### Your instructions
Would you transcribe the listing exactly as it stands, minus any images?

++++

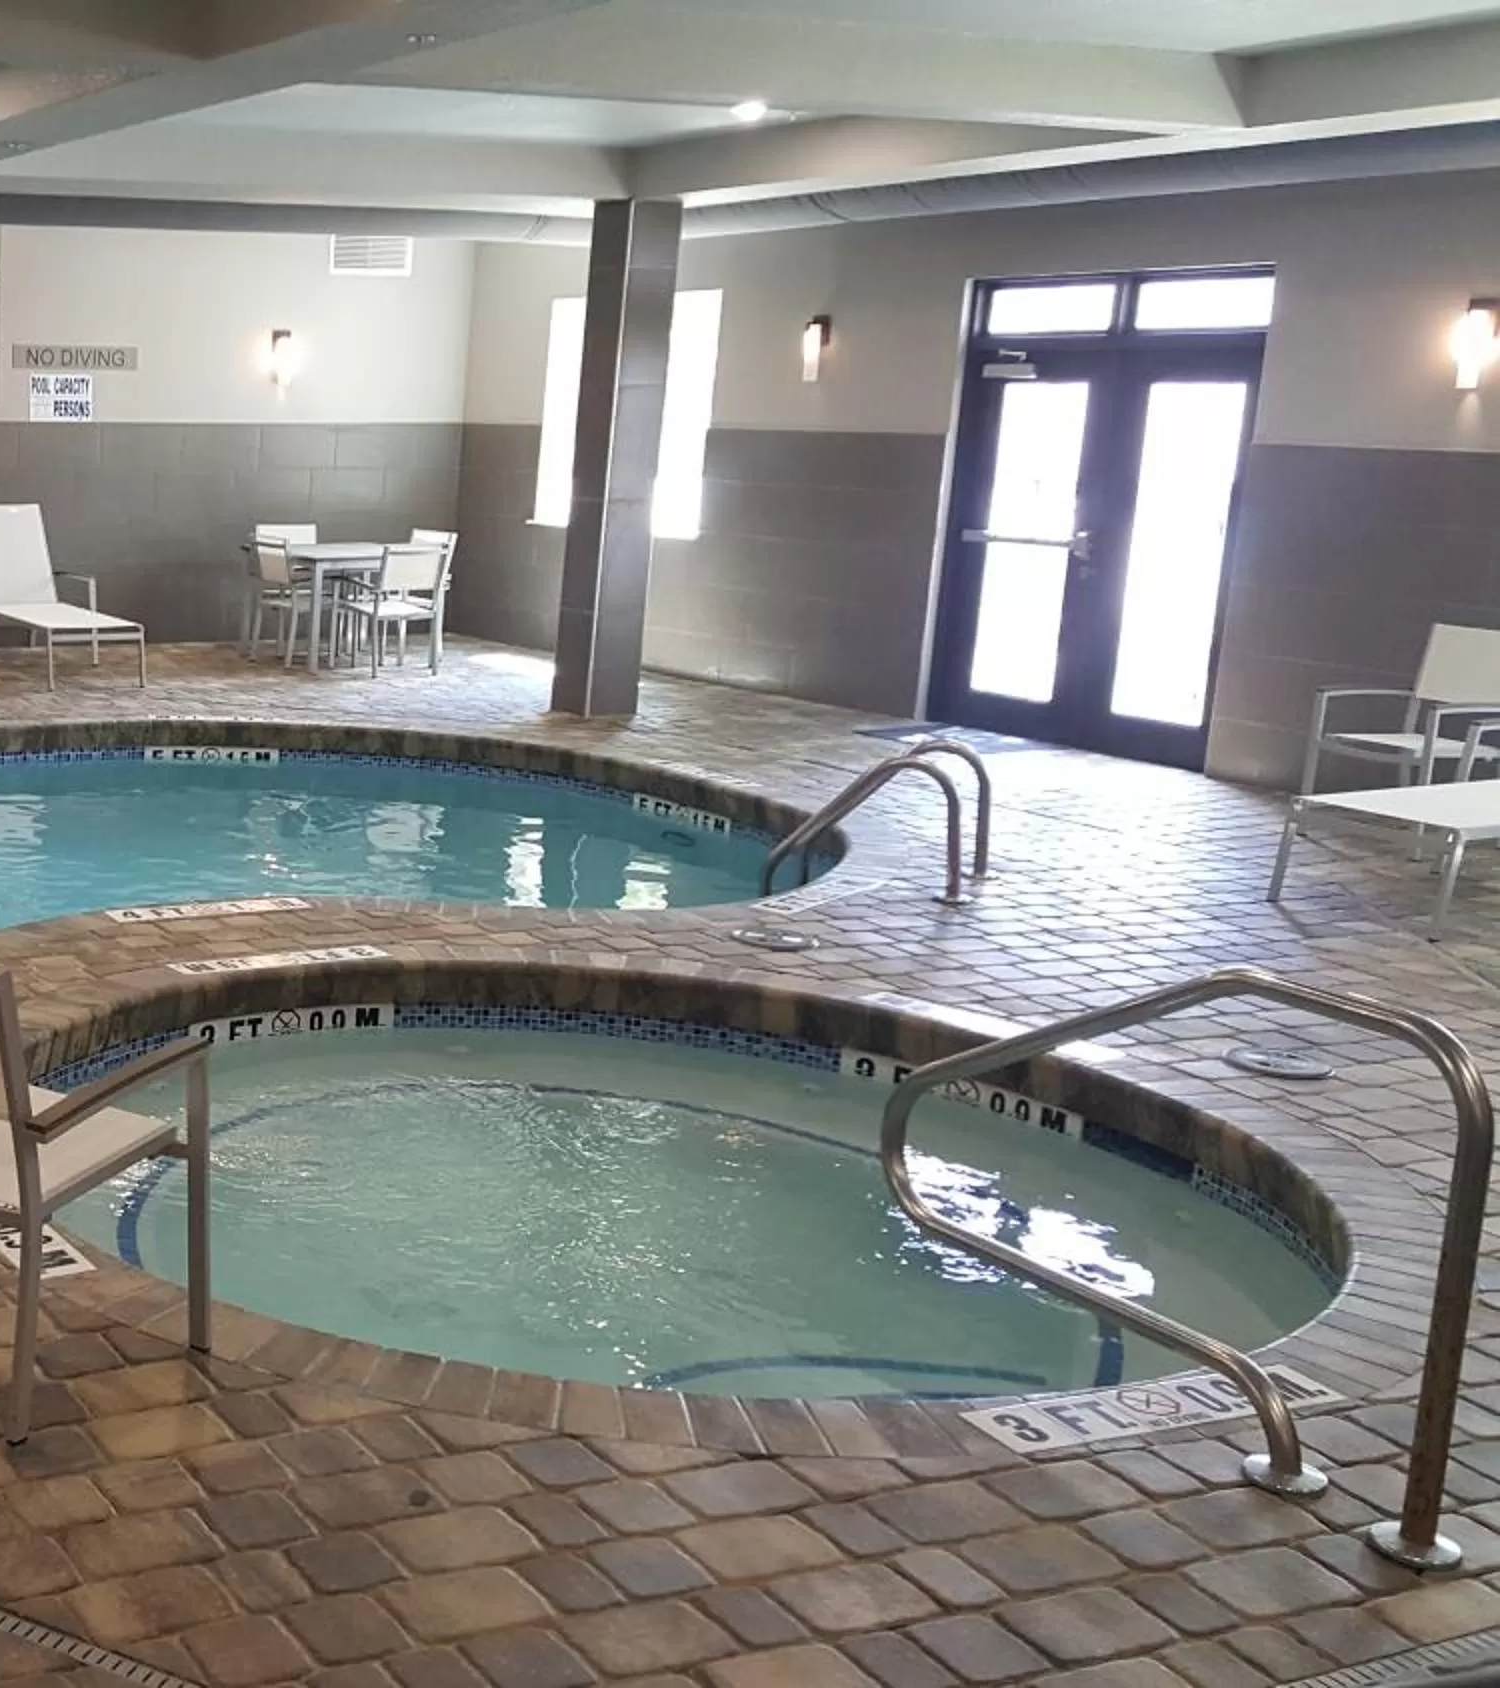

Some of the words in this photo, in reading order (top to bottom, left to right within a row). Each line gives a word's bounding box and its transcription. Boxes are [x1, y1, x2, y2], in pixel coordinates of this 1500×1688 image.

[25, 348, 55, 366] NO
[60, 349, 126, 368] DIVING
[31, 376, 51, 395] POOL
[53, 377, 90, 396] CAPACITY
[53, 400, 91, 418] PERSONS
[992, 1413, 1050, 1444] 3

++++

### Task response
Some of the words in this photo, in reading order (top to bottom, left to right within a row). Each line gives a word's bounding box and its transcription. Boxes are [x1, y1, x2, y2], in pixel coordinates of this 1500×1688 image.

[25, 348, 55, 366] NO
[60, 349, 126, 368] DIVING
[31, 376, 51, 395] POOL
[53, 377, 90, 396] CAPACITY
[53, 400, 91, 418] PERSONS
[992, 1413, 1050, 1444] 3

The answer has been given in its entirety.